(Images for object localization)
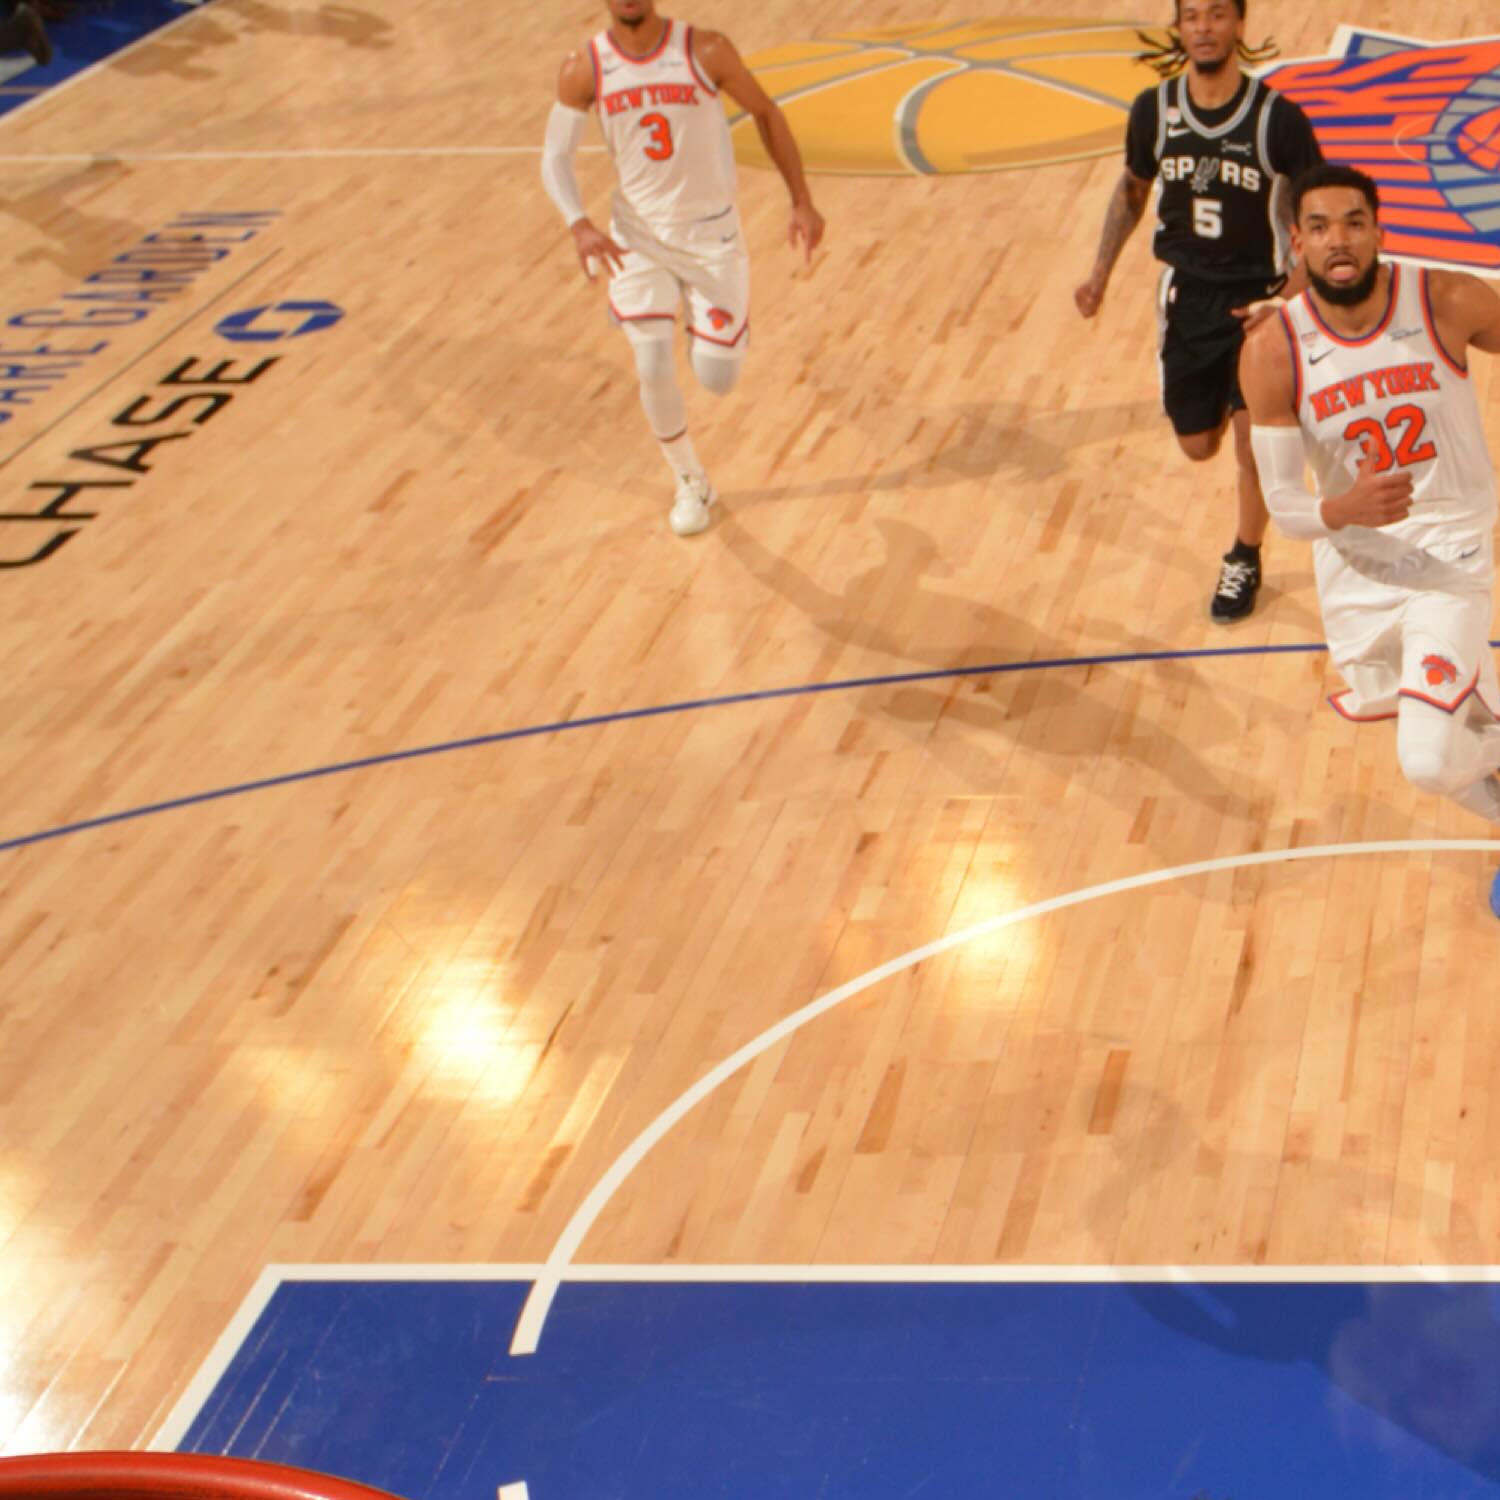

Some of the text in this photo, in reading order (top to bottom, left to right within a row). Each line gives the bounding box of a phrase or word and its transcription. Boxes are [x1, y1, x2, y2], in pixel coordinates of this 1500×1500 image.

[603, 83, 699, 117] NEW YORK
[639, 111, 674, 161] 3
[1192, 198, 1223, 239] 5
[1308, 361, 1441, 423] NEW YORK
[1343, 402, 1438, 474] 32
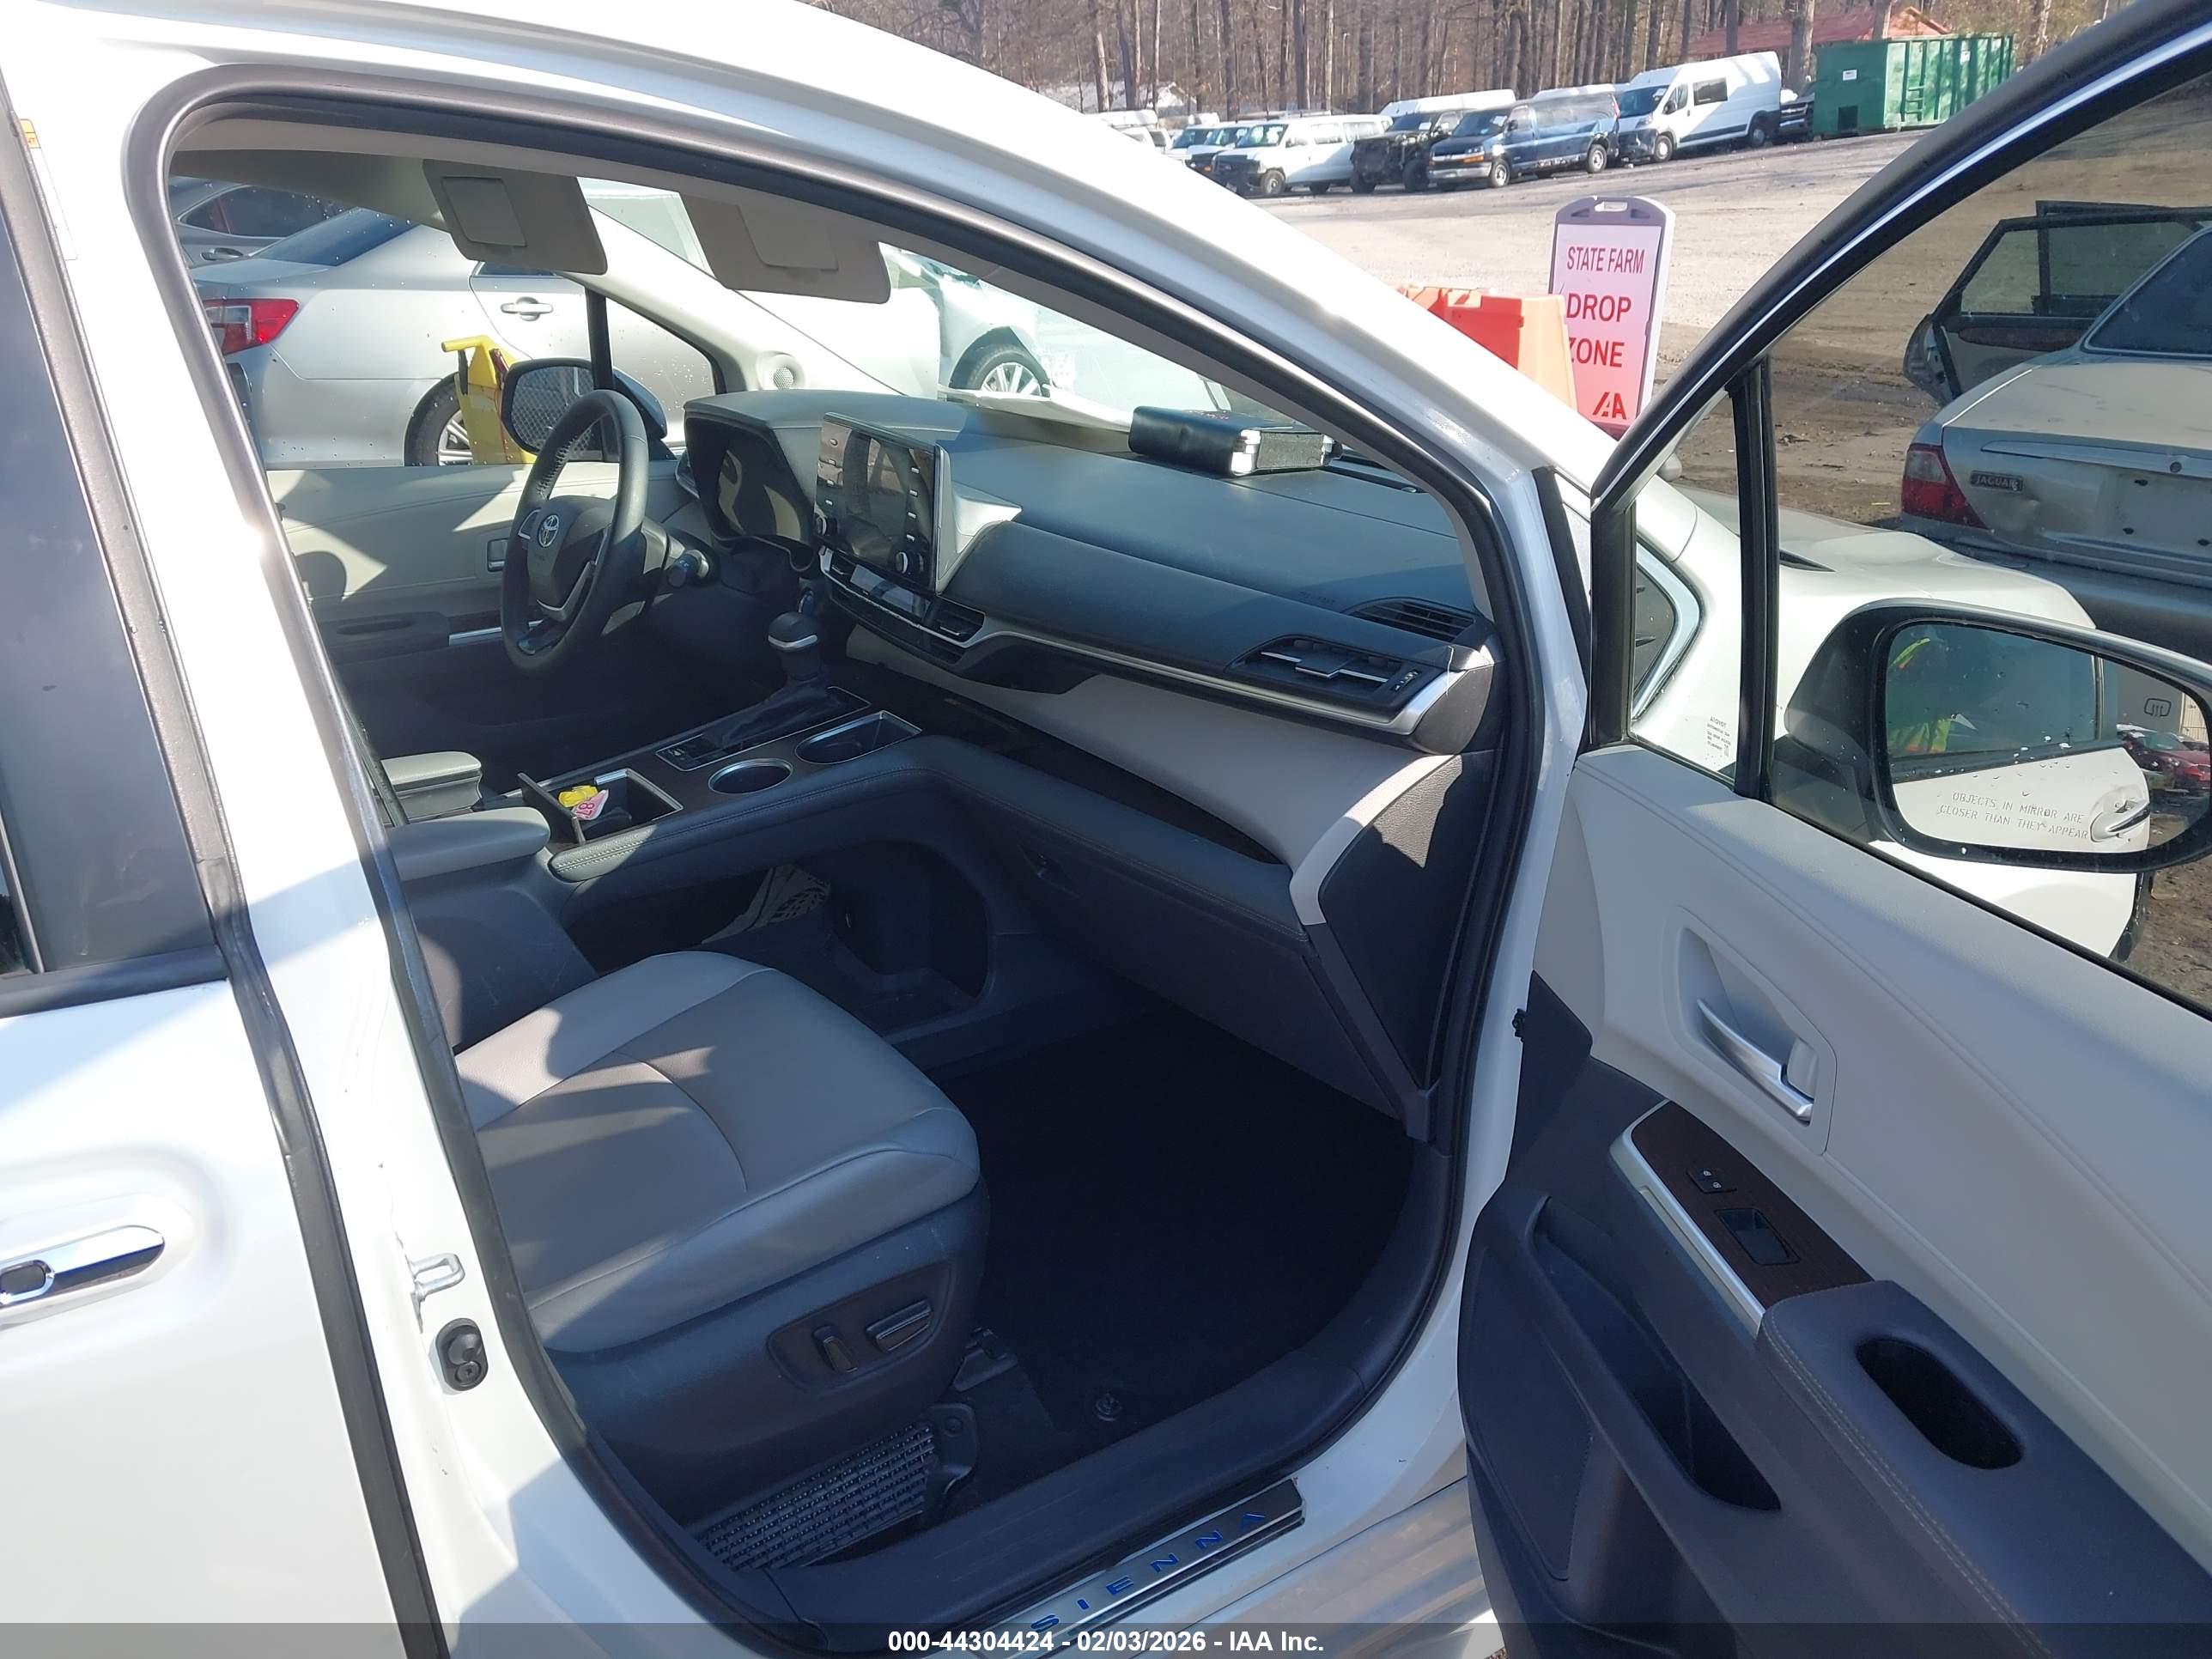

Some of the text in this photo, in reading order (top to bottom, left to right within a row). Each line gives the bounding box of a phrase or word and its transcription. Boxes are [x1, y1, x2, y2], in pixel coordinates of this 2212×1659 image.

[1566, 246, 1645, 274] STATE FARM
[1565, 293, 1632, 322] DROP
[1976, 474, 2020, 491] JAGUAR
[1938, 804, 2089, 839] CLOSER THAN THEY APPEAR
[1952, 792, 2085, 824] OBJECTS IN MIRROR ARE
[1030, 1511, 1267, 1632] SIENNA
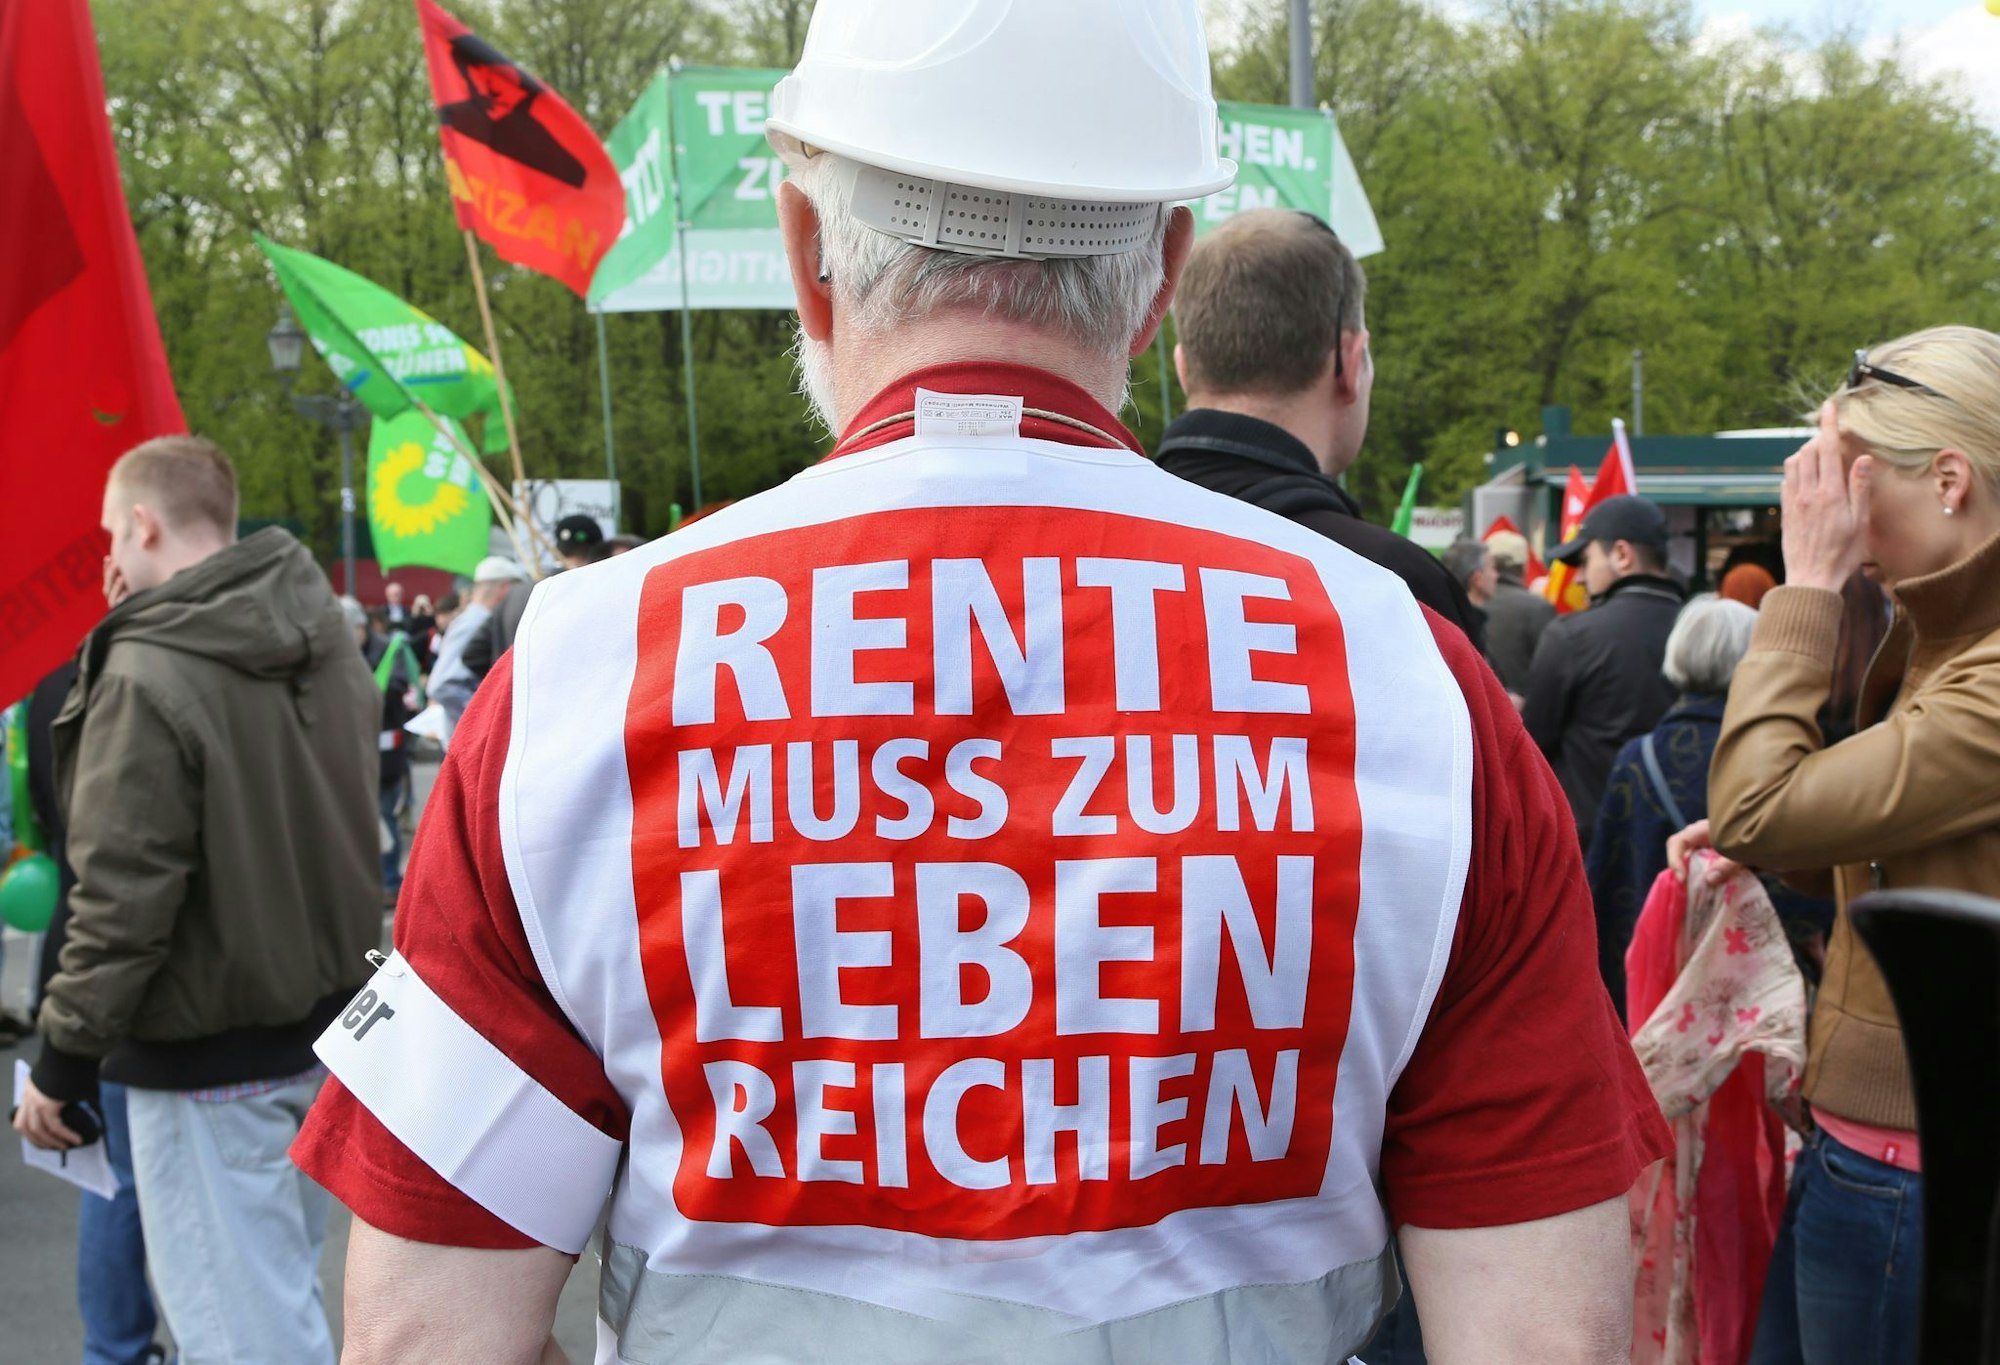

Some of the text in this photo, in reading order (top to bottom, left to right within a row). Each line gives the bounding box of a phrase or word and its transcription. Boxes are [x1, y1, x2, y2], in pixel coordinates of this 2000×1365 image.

[696, 91, 774, 135] TE
[672, 557, 1311, 726] RENTE
[677, 734, 1314, 848] MUSS ZUM
[680, 855, 1314, 1042] LEBEN
[338, 983, 396, 1042] er
[703, 1049, 1299, 1189] REICHEN

ASSIGNMENT:
Write out every line above again exactly, with the pictures left out.

RESULT OF THIS TASK:
Some of the text in this photo, in reading order (top to bottom, left to right within a row). Each line gives the bounding box of a phrase or word and its transcription. Boxes are [x1, y1, x2, y2], in pixel coordinates of this 1500×1500 image.

[603, 83, 699, 117] NEW YORK
[639, 111, 674, 161] 3
[1192, 198, 1223, 239] 5
[1308, 361, 1441, 423] NEW YORK
[1343, 402, 1438, 474] 32

Some of the text in this photo, in reading order (top to bottom, left to right within a row). Each line gives the bounding box of a phrase or word and its transcription. Boxes are [x1, y1, x2, y2], in pixel coordinates of this 2212×1659 image.

[1566, 246, 1645, 274] STATE FARM
[1565, 293, 1632, 322] DROP
[1976, 474, 2020, 491] JAGUAR
[1938, 804, 2089, 839] CLOSER THAN THEY APPEAR
[1952, 792, 2085, 824] OBJECTS IN MIRROR ARE
[1030, 1511, 1267, 1632] SIENNA

Some of the text in this photo, in reading order (top to bottom, left to right within a row). Each line gives the bounding box of a phrase or word and its transcription. Boxes are [x1, y1, x2, y2], in pixel coordinates of this 2000×1365 image.

[696, 91, 774, 135] TE
[672, 557, 1311, 726] RENTE
[677, 734, 1314, 848] MUSS ZUM
[680, 855, 1314, 1042] LEBEN
[338, 983, 396, 1042] er
[703, 1049, 1299, 1189] REICHEN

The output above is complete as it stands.